■ Work task
The answer must be a word-for-word copy of the records below, with every picture left out.
===== Records for processing
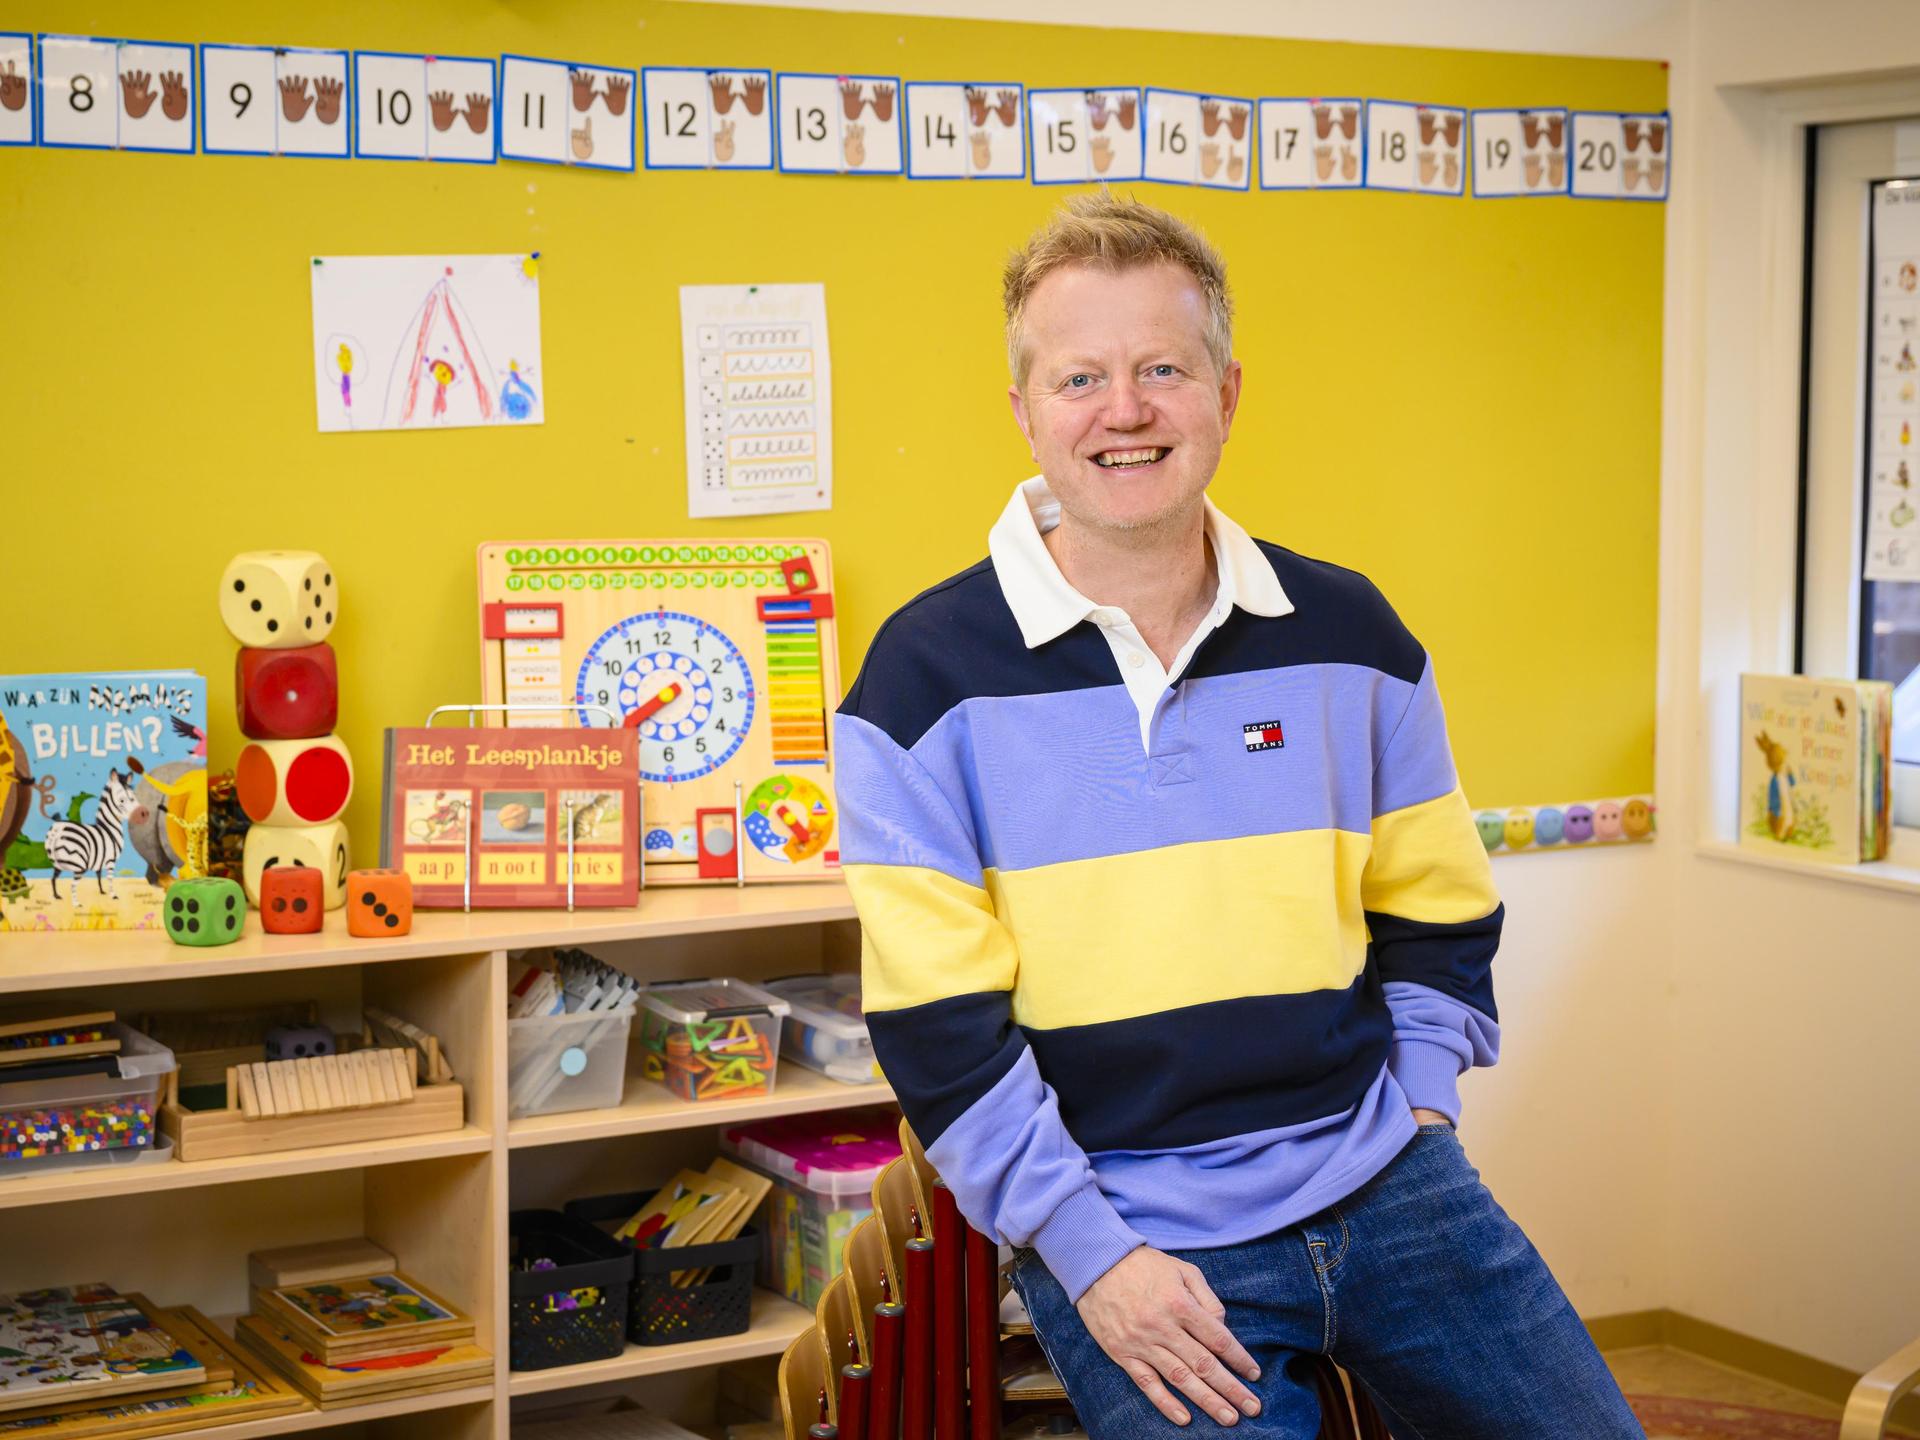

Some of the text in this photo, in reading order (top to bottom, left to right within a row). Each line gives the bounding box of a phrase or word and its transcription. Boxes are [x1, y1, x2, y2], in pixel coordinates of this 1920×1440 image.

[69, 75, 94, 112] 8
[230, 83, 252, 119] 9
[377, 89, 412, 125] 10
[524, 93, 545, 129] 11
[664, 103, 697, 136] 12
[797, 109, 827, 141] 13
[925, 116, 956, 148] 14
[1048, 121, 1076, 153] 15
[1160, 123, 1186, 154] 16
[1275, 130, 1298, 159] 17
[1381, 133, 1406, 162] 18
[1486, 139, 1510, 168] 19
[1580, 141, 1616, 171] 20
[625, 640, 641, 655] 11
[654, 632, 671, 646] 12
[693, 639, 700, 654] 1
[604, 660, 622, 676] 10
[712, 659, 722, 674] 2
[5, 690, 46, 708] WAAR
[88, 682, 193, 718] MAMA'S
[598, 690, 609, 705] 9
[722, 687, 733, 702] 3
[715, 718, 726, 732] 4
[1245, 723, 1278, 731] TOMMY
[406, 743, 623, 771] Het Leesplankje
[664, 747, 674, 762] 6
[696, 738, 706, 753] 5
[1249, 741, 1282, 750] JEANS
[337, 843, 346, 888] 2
==========
■ Written response
Some of the text in this photo, in reading order (top to bottom, left to right within a row). Each line gives the bounding box of a phrase or word and its transcription. Boxes are [x1, y1, x2, y2], in pixel coordinates of this 1920×1440 image.

[69, 75, 94, 112] 8
[230, 83, 252, 119] 9
[377, 89, 412, 125] 10
[524, 93, 545, 129] 11
[664, 103, 697, 136] 12
[797, 109, 827, 141] 13
[925, 116, 956, 148] 14
[1048, 121, 1076, 153] 15
[1160, 123, 1186, 154] 16
[1275, 130, 1298, 159] 17
[1381, 133, 1406, 162] 18
[1486, 139, 1510, 168] 19
[1580, 141, 1616, 171] 20
[625, 640, 641, 655] 11
[654, 632, 671, 646] 12
[693, 639, 700, 654] 1
[604, 660, 622, 676] 10
[712, 659, 722, 674] 2
[5, 690, 46, 708] WAAR
[88, 682, 193, 718] MAMA'S
[598, 690, 609, 705] 9
[722, 687, 733, 702] 3
[715, 718, 726, 732] 4
[1245, 723, 1278, 731] TOMMY
[406, 743, 623, 771] Het Leesplankje
[664, 747, 674, 762] 6
[696, 738, 706, 753] 5
[1249, 741, 1282, 750] JEANS
[337, 843, 346, 888] 2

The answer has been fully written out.